We Are Family
- Founded: 1995
- Type: Nonprofit organization
- Location: North Charleston, South Carolina;
- Region served: Charleston, South Carolina
- Key people: Nijeeah Richardson, Executive Director
- Employees: 3
- Website: www.wearefamilycharleston.org

= We Are Family (LGBTQ charity) =

We Are Family (WAF) is a nonprofit organization providing support and resources to lesbian, gay, bisexual, transgender, queer, questioning, and intersex (LGBTQI) youth in the Charleston, South Carolina area.

== History ==
WAF was founded in 1995 in Charleston by Tom Myers as a support group for gay youth after his son came out as gay. This organization makes a large effort in the community to provide a safe place for the LGBTQI homeless. In 2017 the group was granted $3,000 to study the incidence of homelessness in LGBTQI+ youth in the Greater Charleston area.

Melissa Moore, former executive director of WAF in 2018, opened a day center for homeless at 529 Meeting St. in what was previously a Head Start facility. The facility opened in conjunction with the Charleston YWCA, Dorchester Mental Health Center, Art Pot, Loving Arms, and Origin SC. After being open at this location for three months, the lease was taken over by the Military Community Connection.

In 2019, under Nijeeah Richardson, the current executive director, WAF moved from the "All of Us" homeless shelter on Meeting St. to North Charleston, next door to the Equality Hub which houses the offices of the Alliance for Full Acceptance, an LGBTQ advocacy nonprofit, and Charleston Pride.

== Programs ==

=== GSA Coalition ===
In January 2020, WAF organized the GSA Coalition, a group aiming to bring together gay-straight alliance or gender-sexuality alliance (often called GSA) groups from local Charleston-area middle and high schools. Students from this coalition sued in the case Gender and Sexuality Alliance v. Spearman to strike down the 1988 South Carolina Comprehensive Health Education Act that prohibited discussion of same-sex relationships in schools except in the context of sexually transmitted infections. Federal District Court Judge David C. Norton ruled the law unconstitutional, rendering that section of the law unenforceable.

=== Closet Case Thrift Store ===
In 2018, WAF opened a thrift store to raise money to support its work, while offering space for community members to shop for affordable clothing. The store, Closet Case Thrift Store was initially located at 529 Meeting Street, in WAF's All of Us Resource Center for the homeless. The store was vandalized in September 2018 with bricks thrown through the windows, resulting in $4,000 worth of damages. The store was also burglarized in November of that year. Closet Case Thrift Store closed when WAF moved its offices to North Charleston. It officially reopened in August 2019.

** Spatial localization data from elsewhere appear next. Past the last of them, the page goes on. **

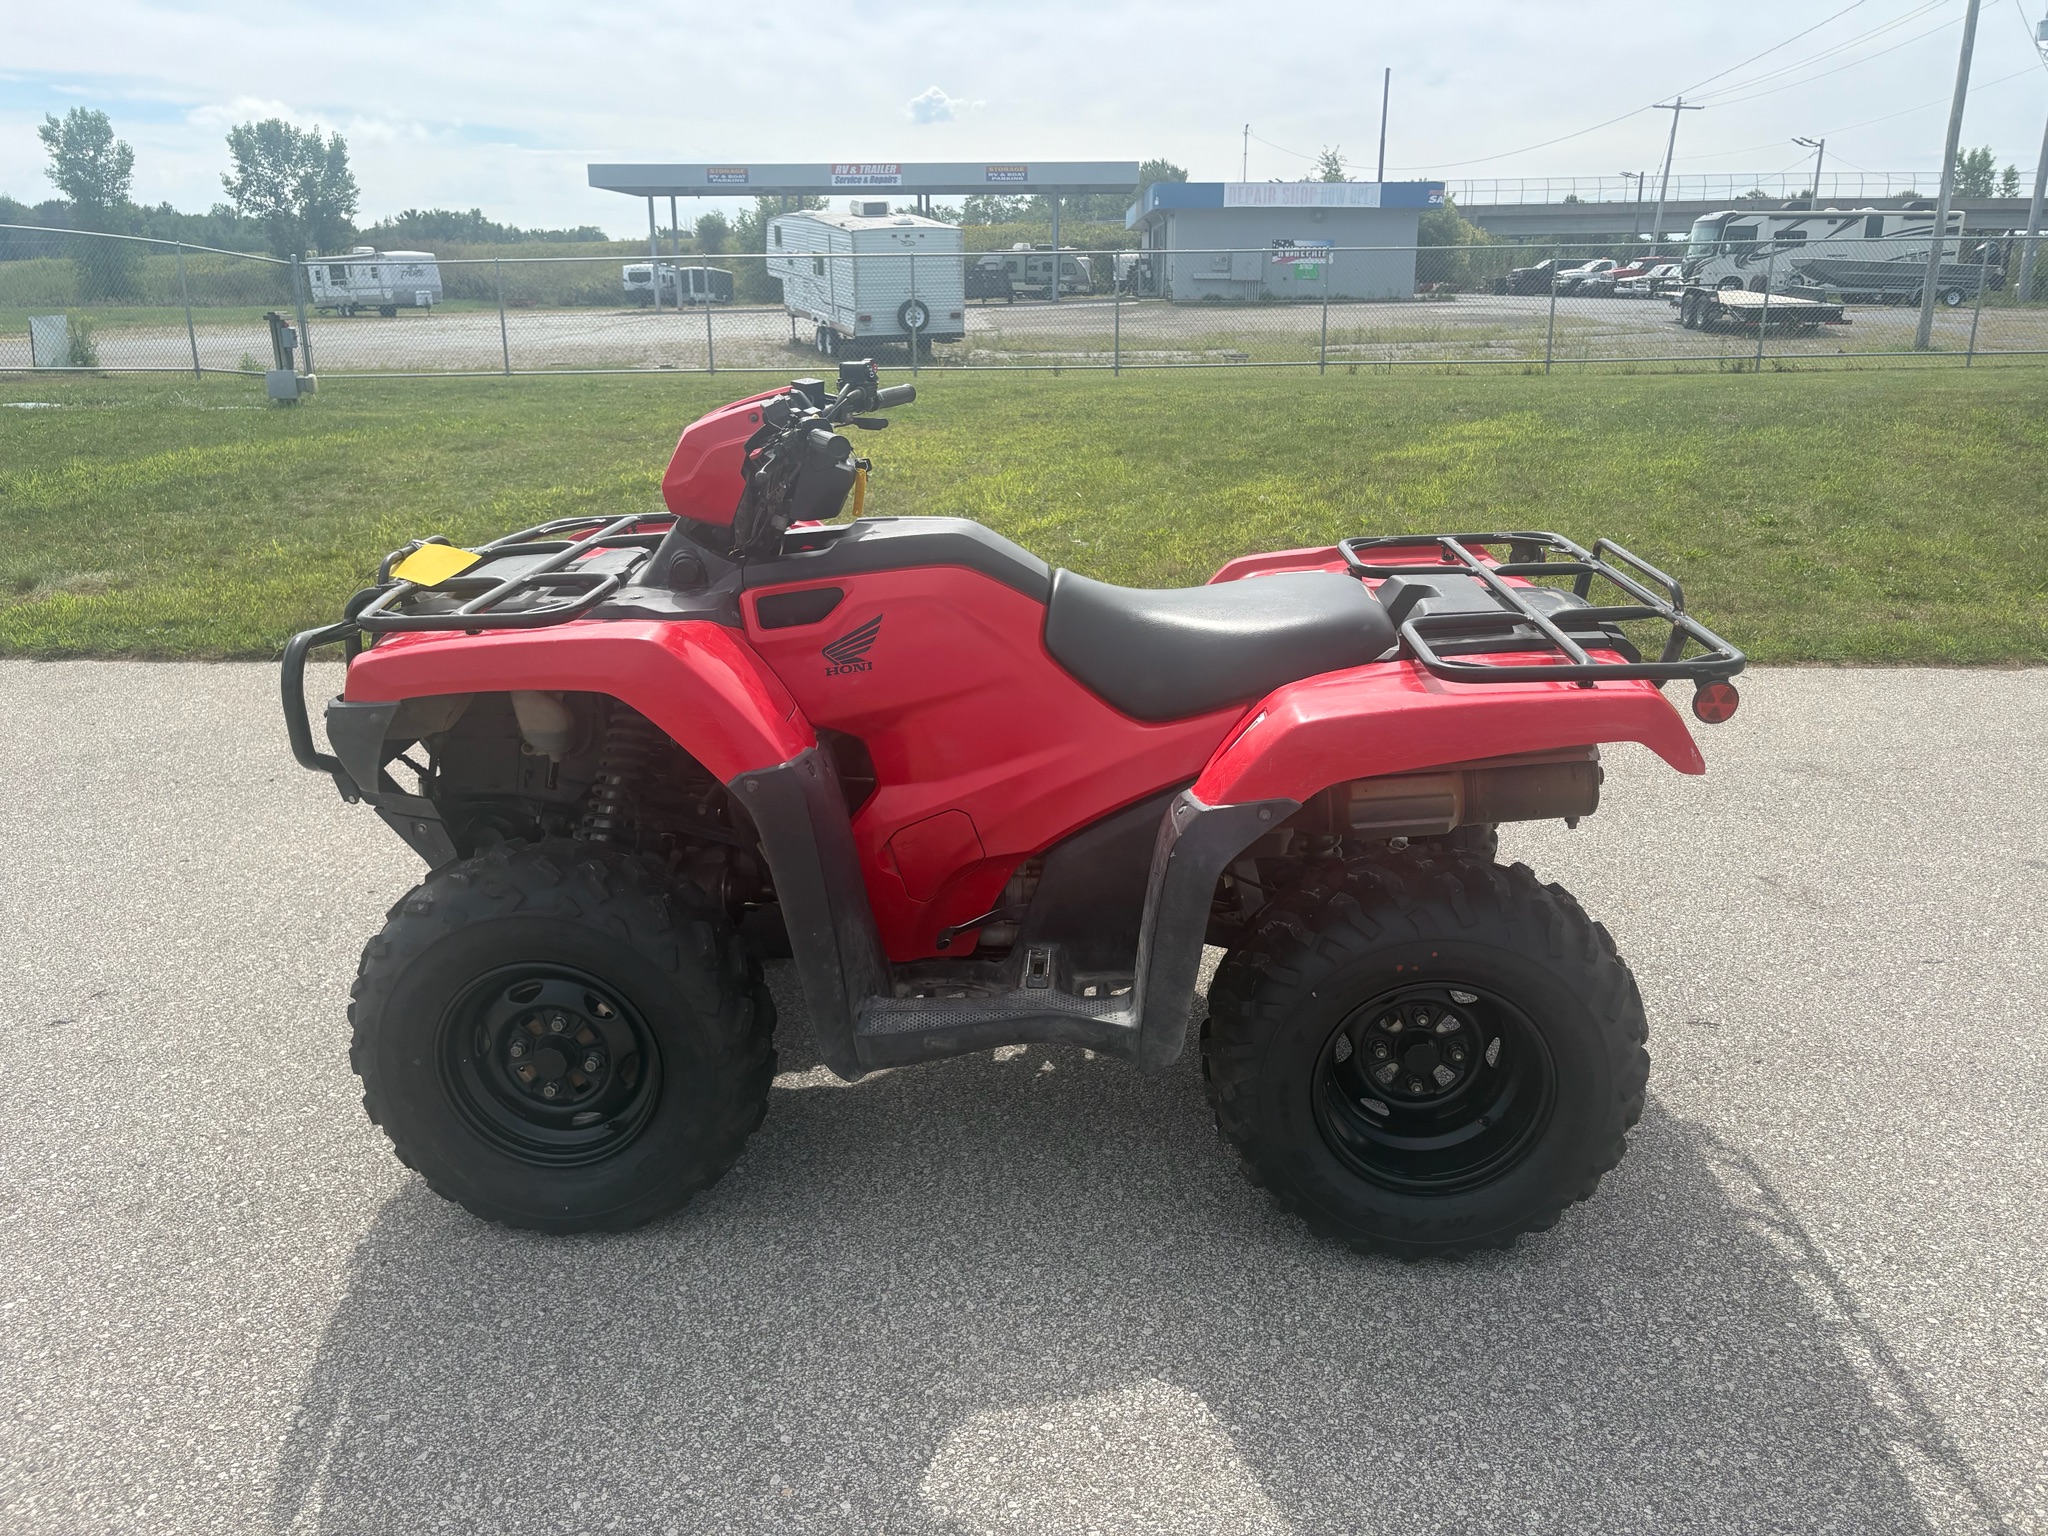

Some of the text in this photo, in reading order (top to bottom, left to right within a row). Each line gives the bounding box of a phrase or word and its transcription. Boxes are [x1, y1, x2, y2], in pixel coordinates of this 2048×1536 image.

[835, 164, 897, 174] RV & TRAILER
[833, 175, 898, 185] Service & Repairs
[1228, 186, 1276, 205] REPAIR
[1282, 186, 1318, 205] SHOP
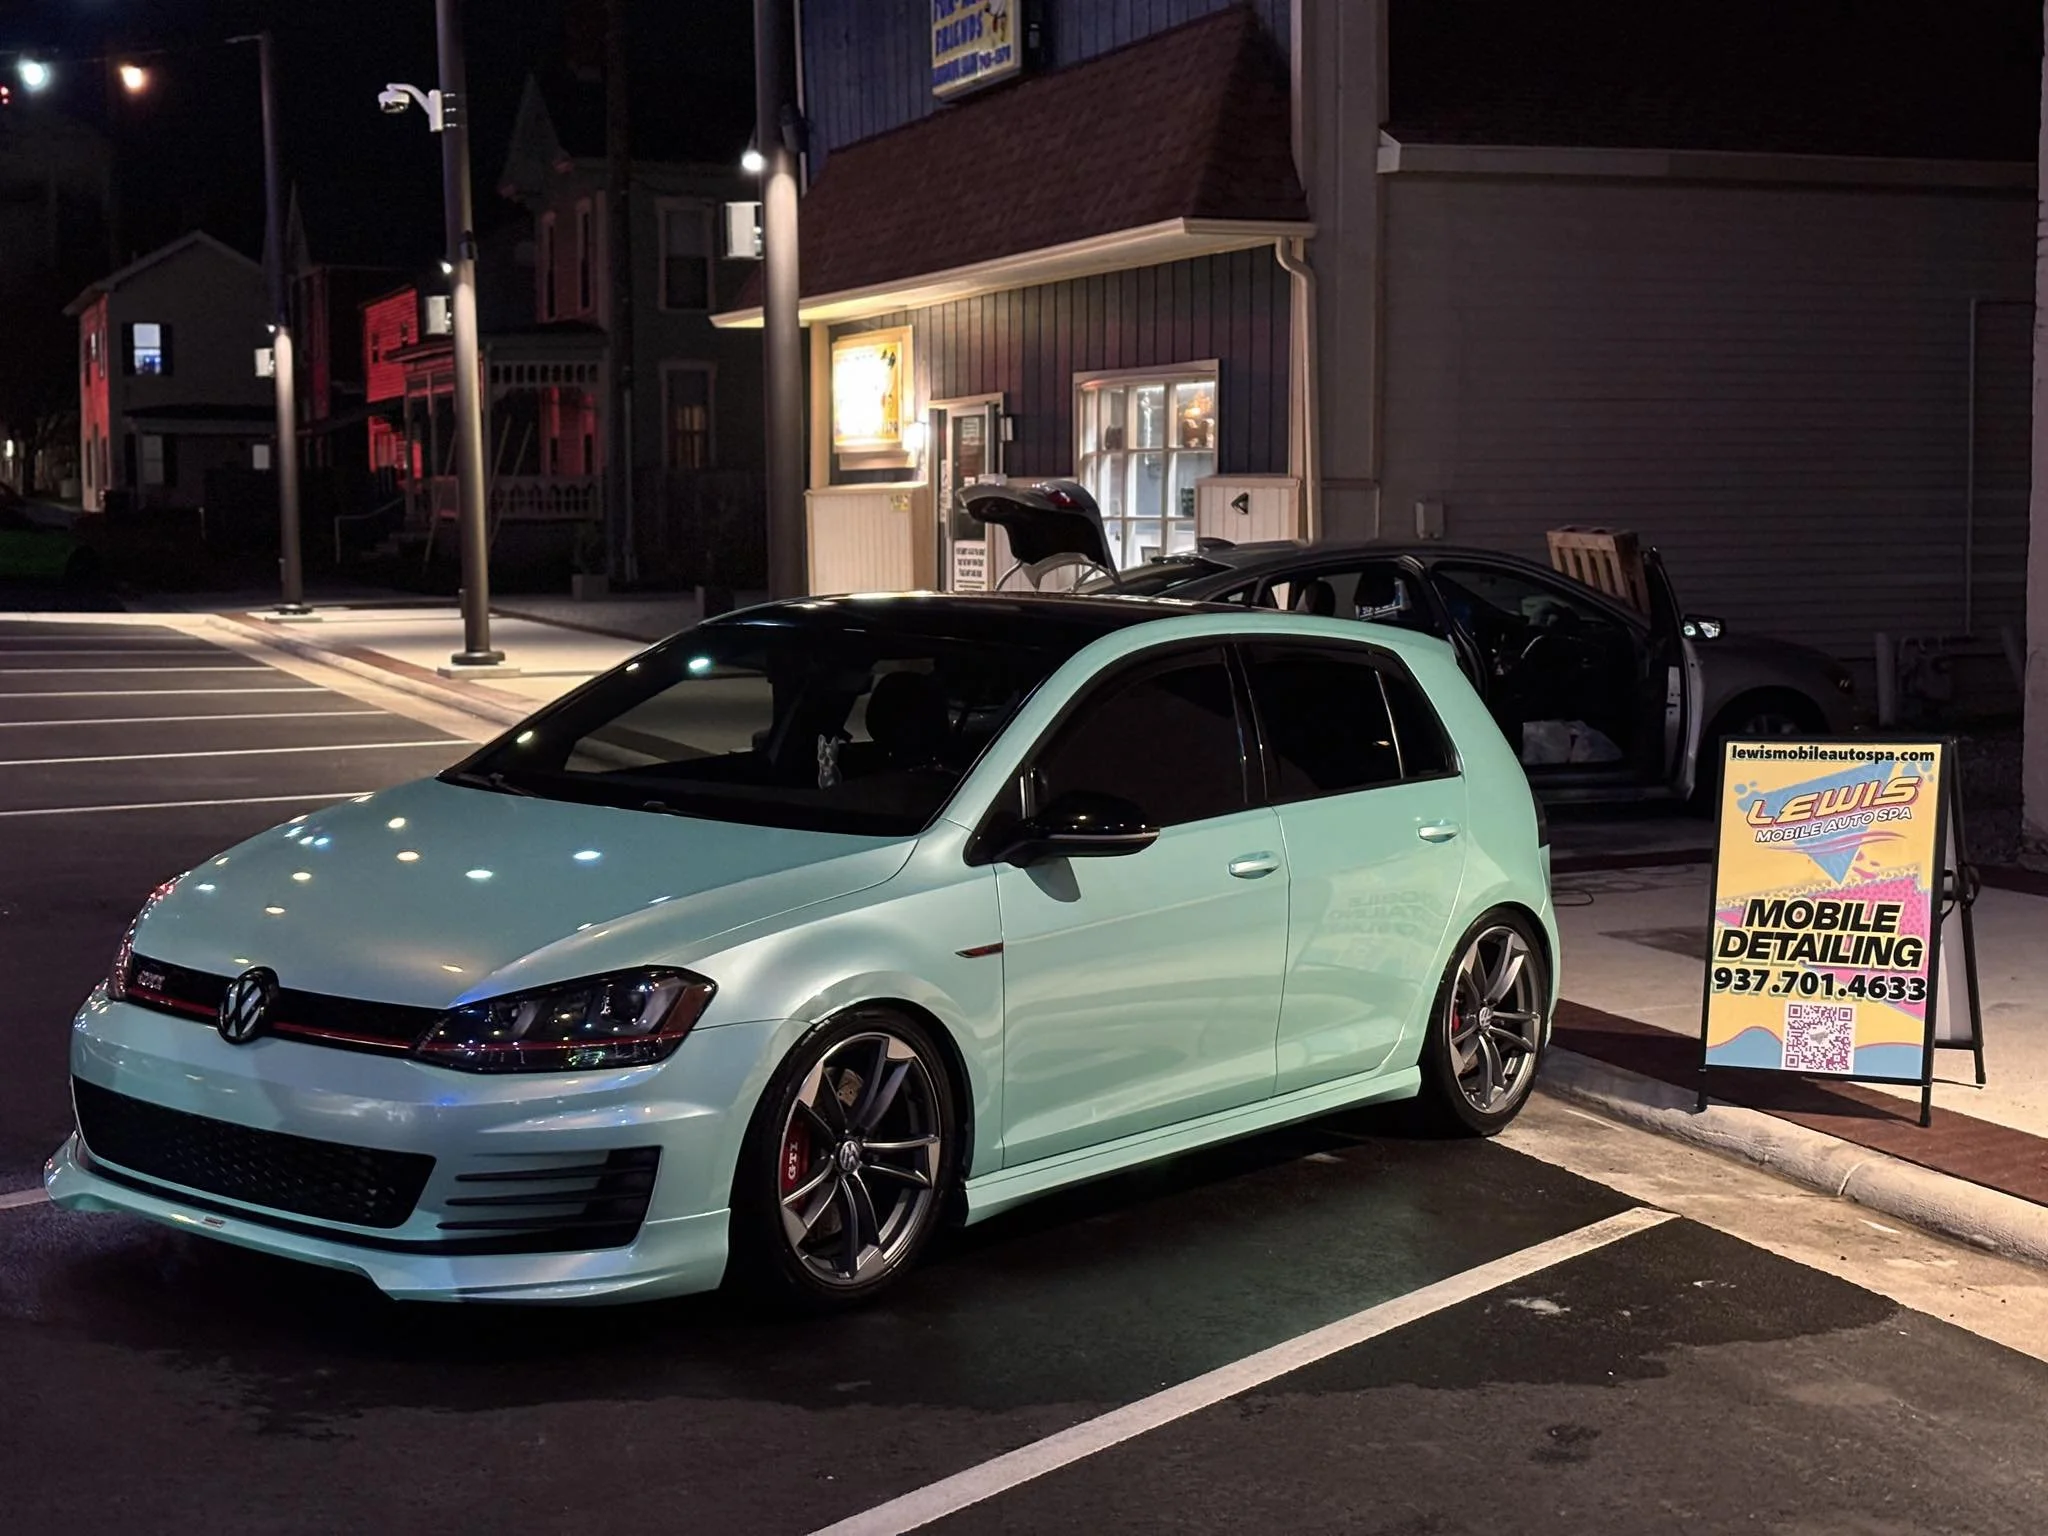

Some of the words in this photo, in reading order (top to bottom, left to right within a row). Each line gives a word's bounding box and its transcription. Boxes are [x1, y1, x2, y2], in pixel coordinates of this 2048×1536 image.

[1732, 745, 1935, 764] lewismobileautospa.com
[1747, 776, 1921, 826] LEWIS
[1755, 821, 1821, 843] MOBILE
[1824, 811, 1875, 833] AUTO
[1876, 807, 1912, 821] SPA
[1745, 899, 1901, 933] MOBILE
[1718, 929, 1923, 968] DETAILING
[1714, 967, 1926, 1000] 937.701.4633
[788, 1142, 798, 1180] GTI

While this space serves as a thrift store, it's also a meeting place for We are Family's programming area, this allows them to increase their impact across the Tri-County Area. The store is a gender-inclusive shopping space. A gender-inclusive environment does not discriminate against a particular sex, social gender, or gender identity, and does not perpetuate gender stereotypes. According to the WAF website, you can expect to find a selection of clothing from high-end vintage to trendy styles. They also have some knick-knacks and rare collectibles. Closet Case Thrift is the only LGBT owned and operated thrift store in South Carolina. Also, it is run based on donations only. Revenue from the thrift store will be used to help the program operate resources such as the computer lab, laundry, showers, medical clinic, food services and more. Other than donations the thrift store gives WAF the majority of their revenue to continue the organization.